Saved data entries
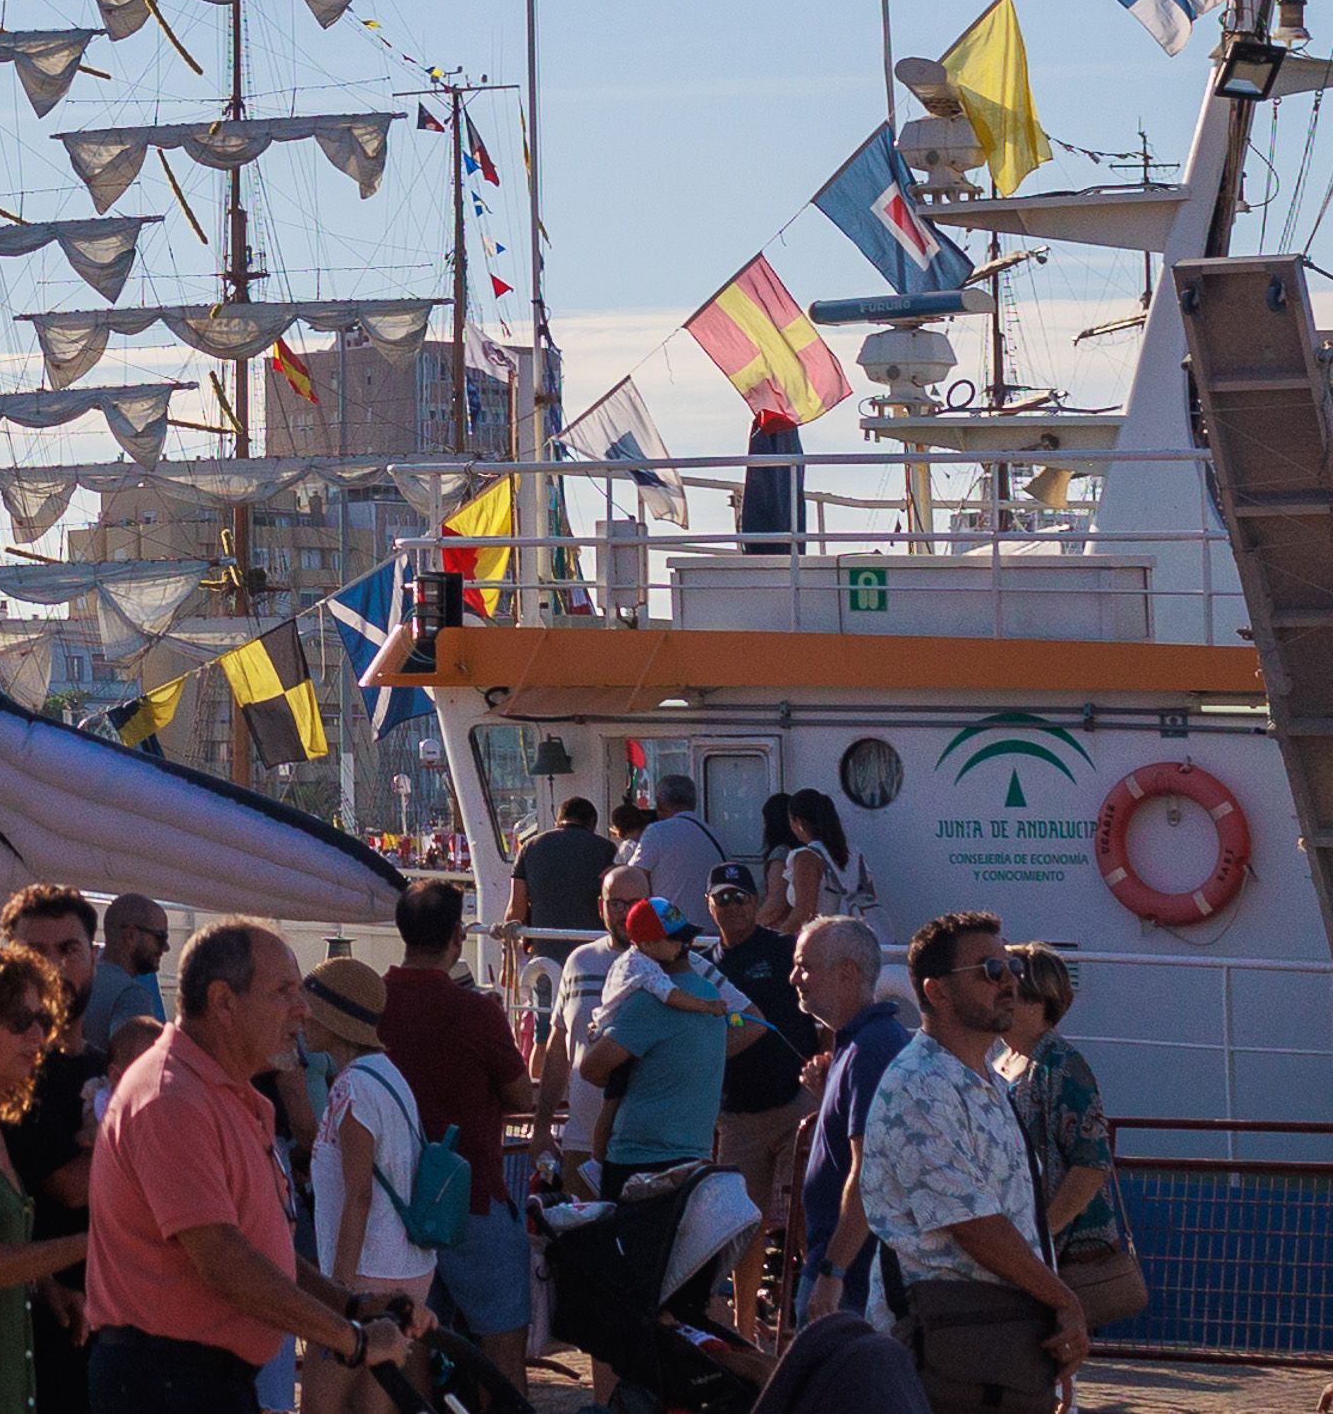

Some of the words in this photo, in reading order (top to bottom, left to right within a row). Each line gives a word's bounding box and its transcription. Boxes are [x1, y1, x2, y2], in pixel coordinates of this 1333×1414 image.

[859, 300, 911, 313] FURUNO
[935, 820, 983, 838] JUNTA
[990, 820, 1009, 838] DE
[949, 852, 1011, 865] CONSEJERÍA
[1014, 853, 1028, 865] DE
[1030, 852, 1089, 865] ECONOMÍA
[973, 870, 981, 881] Y
[983, 870, 1065, 882] CONOCIMIENTO
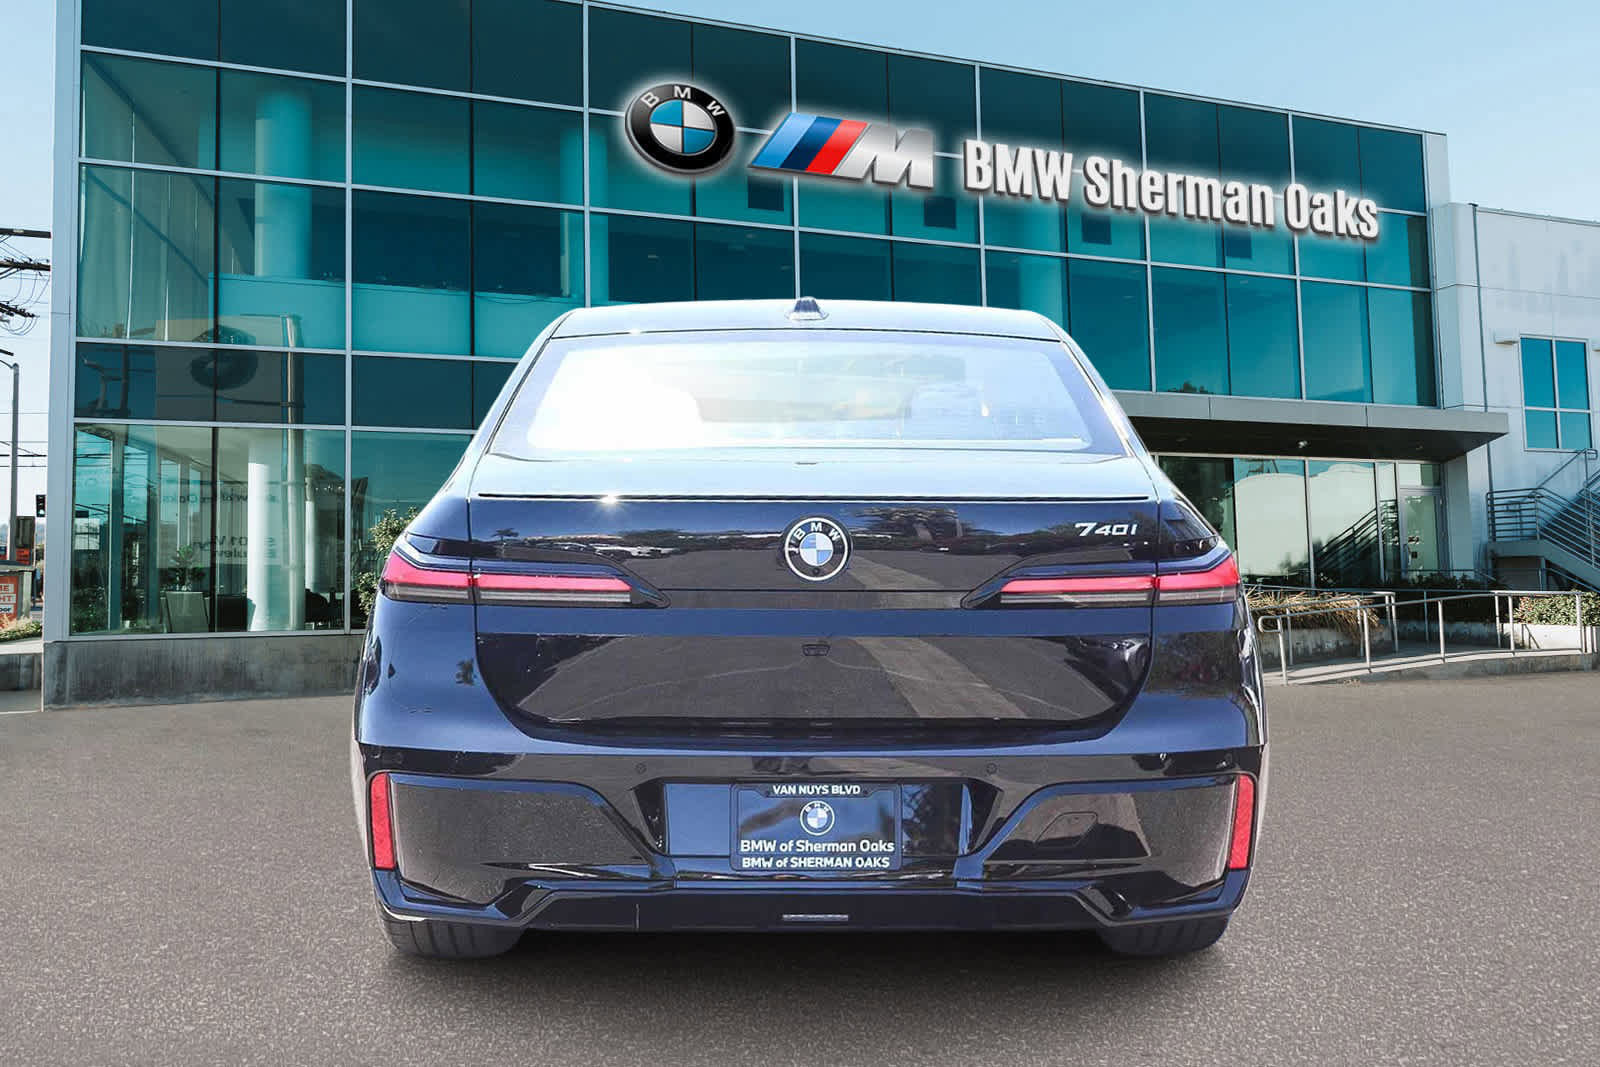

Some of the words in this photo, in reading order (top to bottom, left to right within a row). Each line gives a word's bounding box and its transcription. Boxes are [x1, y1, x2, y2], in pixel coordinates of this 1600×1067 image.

[641, 86, 725, 117] BMW
[963, 139, 1073, 200] BMW
[1083, 156, 1274, 226] Sherman
[1283, 183, 1380, 241] Oaks
[793, 522, 840, 541] BMW
[773, 785, 798, 795] VAN
[799, 785, 829, 795] NUYS
[831, 785, 861, 795] BLVD
[740, 840, 776, 852] BMW
[779, 840, 794, 852] of
[795, 840, 857, 852] Sherman
[859, 840, 895, 852] Oaks
[742, 857, 773, 868] BMW
[775, 857, 789, 868] of
[790, 857, 853, 868] SHERMAN
[855, 857, 890, 868] OAKS
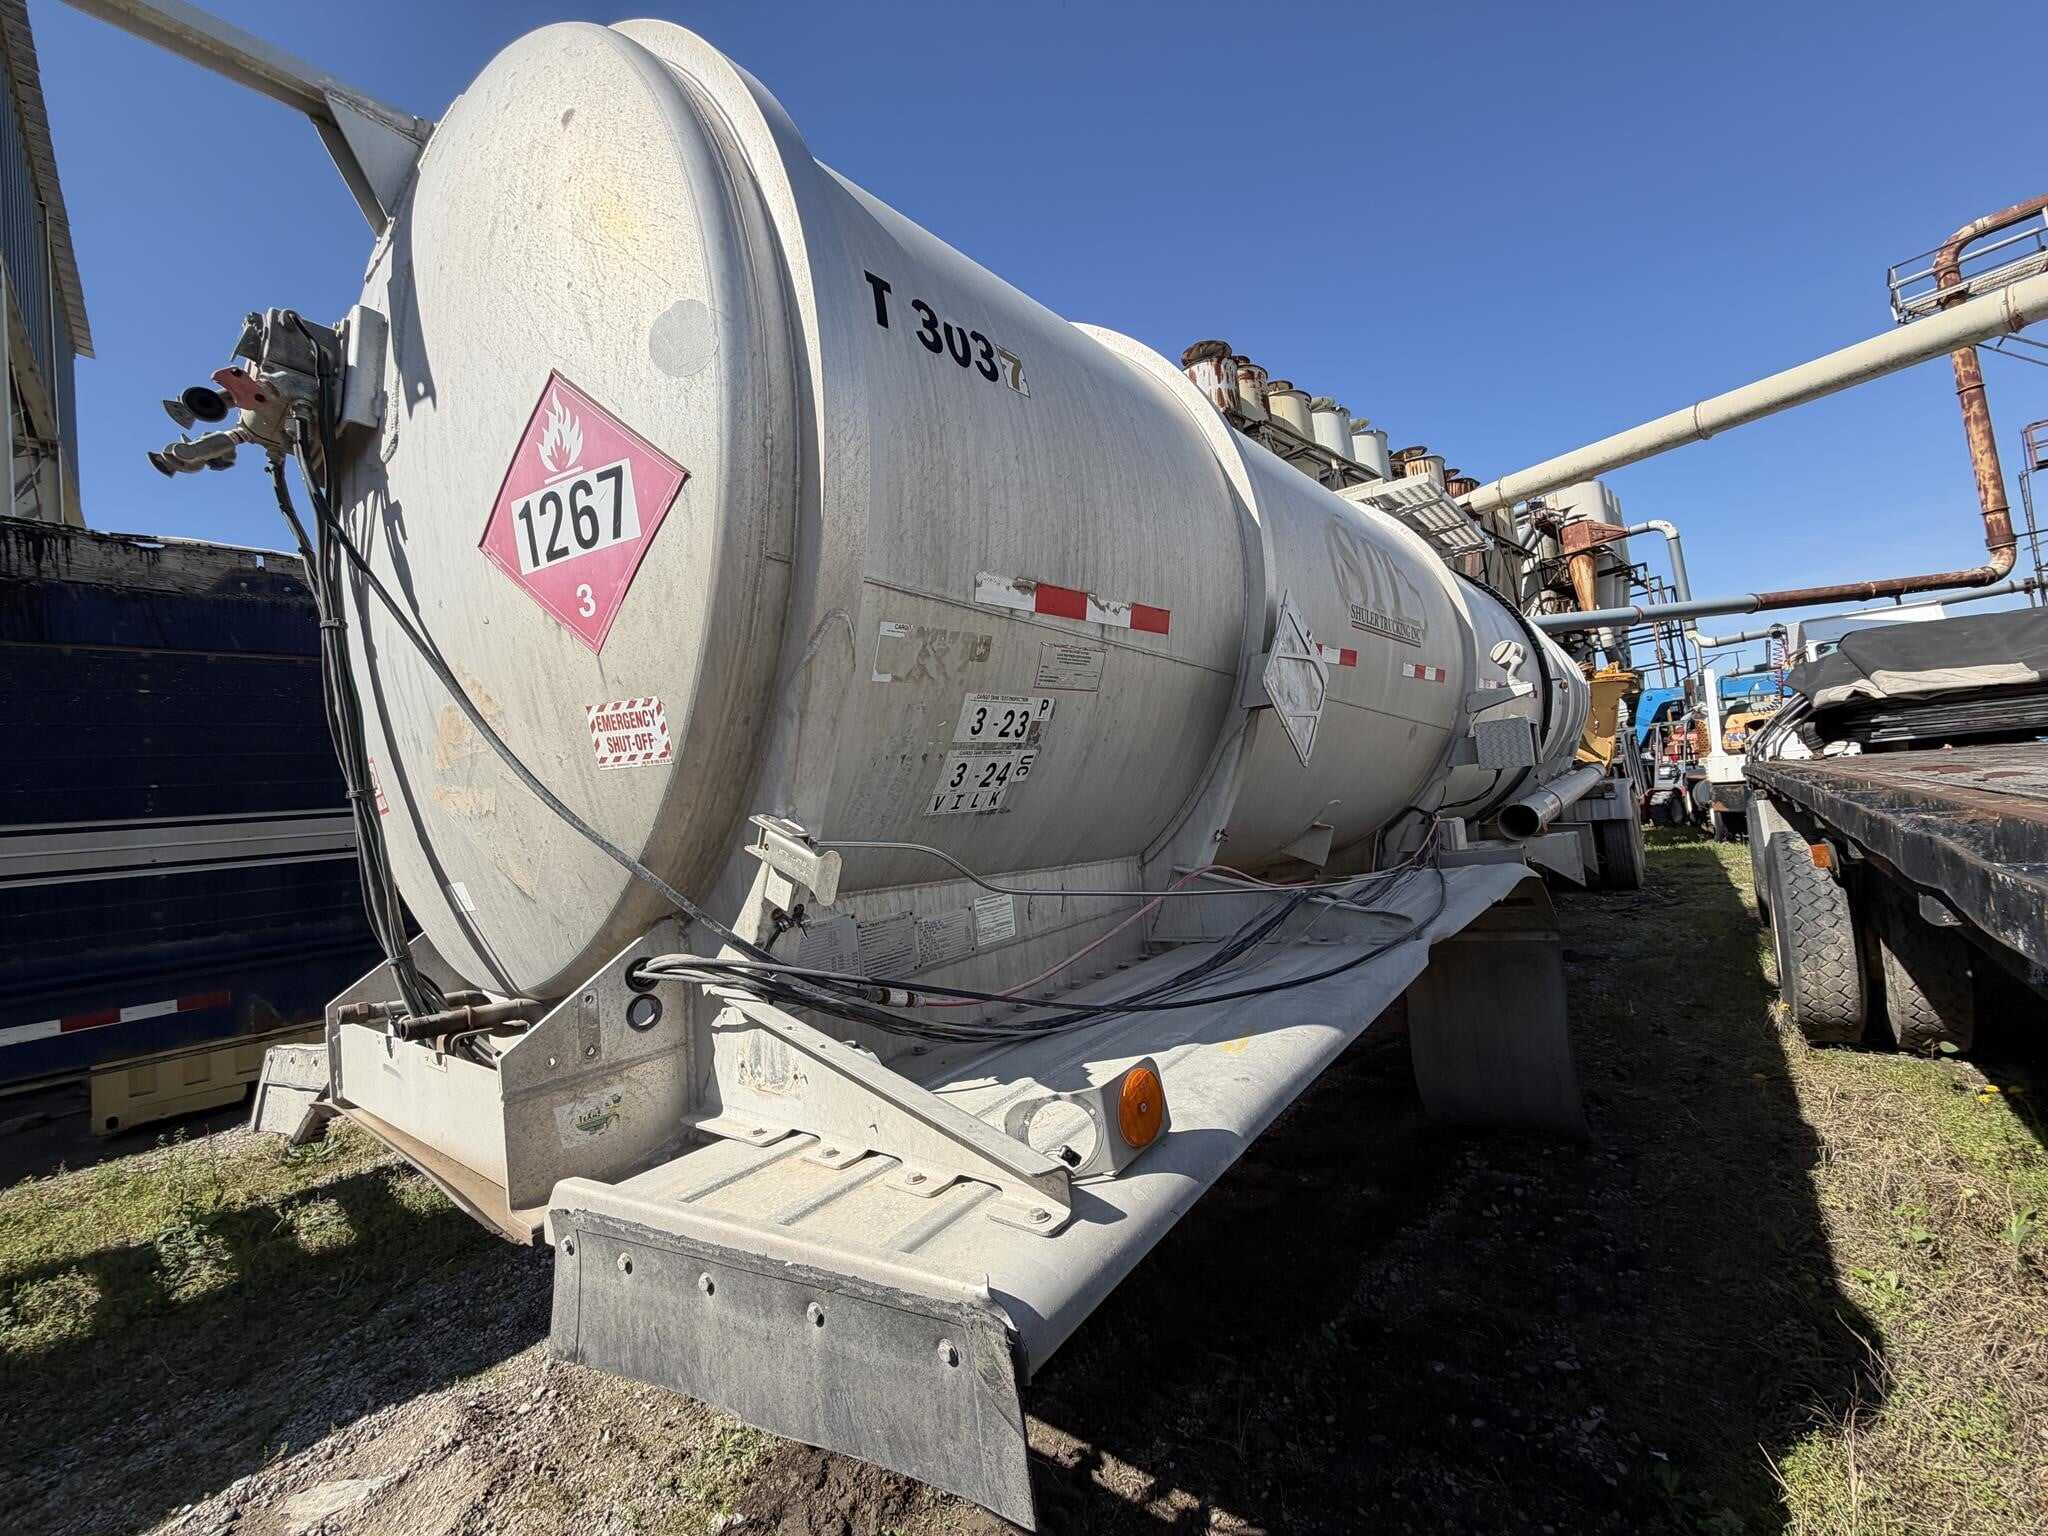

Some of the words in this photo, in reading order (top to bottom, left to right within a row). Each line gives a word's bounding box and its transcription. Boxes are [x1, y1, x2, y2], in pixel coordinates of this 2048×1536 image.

[863, 270, 892, 329] T
[518, 465, 624, 568] 1267
[576, 583, 596, 618] 3
[1351, 604, 1380, 628] SHULER
[1380, 615, 1411, 638] TRUCKING
[595, 709, 656, 733] EMERGENCY
[1039, 699, 1050, 717] P
[606, 733, 654, 754] SHUT-OFF

EXERCISE OBJECTIVE:
With the pictures omitted, print each line of the data above precisely as given.

TASK SOLUTION:
Some of the words in this photo, in reading order (top to bottom, left to right within a row). Each line gives a word's bounding box and its transcription. Boxes are [x1, y1, x2, y2], in pixel coordinates of this 1333×1414 image.

[859, 300, 911, 313] FURUNO
[935, 820, 983, 838] JUNTA
[990, 820, 1009, 838] DE
[949, 852, 1011, 865] CONSEJERÍA
[1014, 853, 1028, 865] DE
[1030, 852, 1089, 865] ECONOMÍA
[973, 870, 981, 881] Y
[983, 870, 1065, 882] CONOCIMIENTO

Some of the words in this photo, in reading order (top to bottom, left to right within a row). Each line gives a word's bounding box and its transcription. Boxes are [x1, y1, x2, y2], in pixel coordinates of this 1600×1067 image.

[641, 86, 725, 117] BMW
[963, 139, 1073, 200] BMW
[1083, 156, 1274, 226] Sherman
[1283, 183, 1380, 241] Oaks
[793, 522, 840, 541] BMW
[773, 785, 798, 795] VAN
[799, 785, 829, 795] NUYS
[831, 785, 861, 795] BLVD
[740, 840, 776, 852] BMW
[779, 840, 794, 852] of
[795, 840, 857, 852] Sherman
[859, 840, 895, 852] Oaks
[742, 857, 773, 868] BMW
[775, 857, 789, 868] of
[790, 857, 853, 868] SHERMAN
[855, 857, 890, 868] OAKS

Some of the words in this photo, in reading order (top to bottom, left to right within a row). Each line gives a word's bounding box and its transcription. Boxes are [x1, y1, x2, y2], in pixel coordinates of this 2048×1536 image.

[863, 270, 892, 329] T
[518, 465, 624, 568] 1267
[576, 583, 596, 618] 3
[1351, 604, 1380, 628] SHULER
[1380, 615, 1411, 638] TRUCKING
[595, 709, 656, 733] EMERGENCY
[1039, 699, 1050, 717] P
[606, 733, 654, 754] SHUT-OFF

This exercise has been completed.